● **TASK ITEM**: Each entry has to be printed again exactly.

──────── GIVEN RECORDS ────────

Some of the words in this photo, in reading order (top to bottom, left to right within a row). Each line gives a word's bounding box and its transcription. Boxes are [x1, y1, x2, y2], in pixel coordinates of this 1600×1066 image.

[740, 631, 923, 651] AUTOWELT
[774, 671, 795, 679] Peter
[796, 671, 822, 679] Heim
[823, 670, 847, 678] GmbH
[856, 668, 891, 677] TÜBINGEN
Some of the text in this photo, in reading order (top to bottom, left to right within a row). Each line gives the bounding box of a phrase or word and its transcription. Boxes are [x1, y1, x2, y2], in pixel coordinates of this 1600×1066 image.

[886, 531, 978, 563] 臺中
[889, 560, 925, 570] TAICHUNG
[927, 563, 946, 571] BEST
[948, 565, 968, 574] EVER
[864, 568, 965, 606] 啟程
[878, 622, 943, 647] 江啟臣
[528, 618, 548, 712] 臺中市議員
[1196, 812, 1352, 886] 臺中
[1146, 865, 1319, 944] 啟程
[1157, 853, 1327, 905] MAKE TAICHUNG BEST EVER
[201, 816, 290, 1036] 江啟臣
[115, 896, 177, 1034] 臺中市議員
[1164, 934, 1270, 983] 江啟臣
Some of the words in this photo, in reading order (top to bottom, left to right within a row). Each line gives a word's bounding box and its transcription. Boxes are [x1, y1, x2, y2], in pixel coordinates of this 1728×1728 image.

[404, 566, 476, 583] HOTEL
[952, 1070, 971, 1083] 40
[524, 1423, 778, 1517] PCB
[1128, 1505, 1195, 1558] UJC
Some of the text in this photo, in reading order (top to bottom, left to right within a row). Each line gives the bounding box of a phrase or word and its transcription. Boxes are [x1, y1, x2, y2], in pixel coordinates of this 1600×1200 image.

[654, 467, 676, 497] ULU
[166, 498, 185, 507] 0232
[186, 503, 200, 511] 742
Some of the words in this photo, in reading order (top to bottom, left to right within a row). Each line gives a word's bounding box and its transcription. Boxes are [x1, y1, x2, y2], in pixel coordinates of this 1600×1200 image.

────────

● **EXERCISE SOLUTION**:
Some of the words in this photo, in reading order (top to bottom, left to right within a row). Each line gives a word's bounding box and its transcription. Boxes are [x1, y1, x2, y2], in pixel coordinates of this 1600×1066 image.

[740, 631, 923, 651] AUTOWELT
[774, 671, 795, 679] Peter
[796, 671, 822, 679] Heim
[823, 670, 847, 678] GmbH
[856, 668, 891, 677] TÜBINGEN
Some of the text in this photo, in reading order (top to bottom, left to right within a row). Each line gives the bounding box of a phrase or word and its transcription. Boxes are [x1, y1, x2, y2], in pixel coordinates of this 1600×1066 image.

[886, 531, 978, 563] 臺中
[889, 560, 925, 570] TAICHUNG
[927, 563, 946, 571] BEST
[948, 565, 968, 574] EVER
[864, 568, 965, 606] 啟程
[878, 622, 943, 647] 江啟臣
[528, 618, 548, 712] 臺中市議員
[1196, 812, 1352, 886] 臺中
[1146, 865, 1319, 944] 啟程
[1157, 853, 1327, 905] MAKE TAICHUNG BEST EVER
[201, 816, 290, 1036] 江啟臣
[115, 896, 177, 1034] 臺中市議員
[1164, 934, 1270, 983] 江啟臣
Some of the words in this photo, in reading order (top to bottom, left to right within a row). Each line gives a word's bounding box and its transcription. Boxes are [x1, y1, x2, y2], in pixel coordinates of this 1728×1728 image.

[404, 566, 476, 583] HOTEL
[952, 1070, 971, 1083] 40
[524, 1423, 778, 1517] PCB
[1128, 1505, 1195, 1558] UJC
Some of the text in this photo, in reading order (top to bottom, left to right within a row). Each line gives the bounding box of a phrase or word and its transcription. Boxes are [x1, y1, x2, y2], in pixel coordinates of this 1600×1200 image.

[654, 467, 676, 497] ULU
[166, 498, 185, 507] 0232
[186, 503, 200, 511] 742
Some of the words in this photo, in reading order (top to bottom, left to right within a row). Each line gives a word's bounding box and its transcription. Boxes are [x1, y1, x2, y2], in pixel coordinates of this 1600×1200 image.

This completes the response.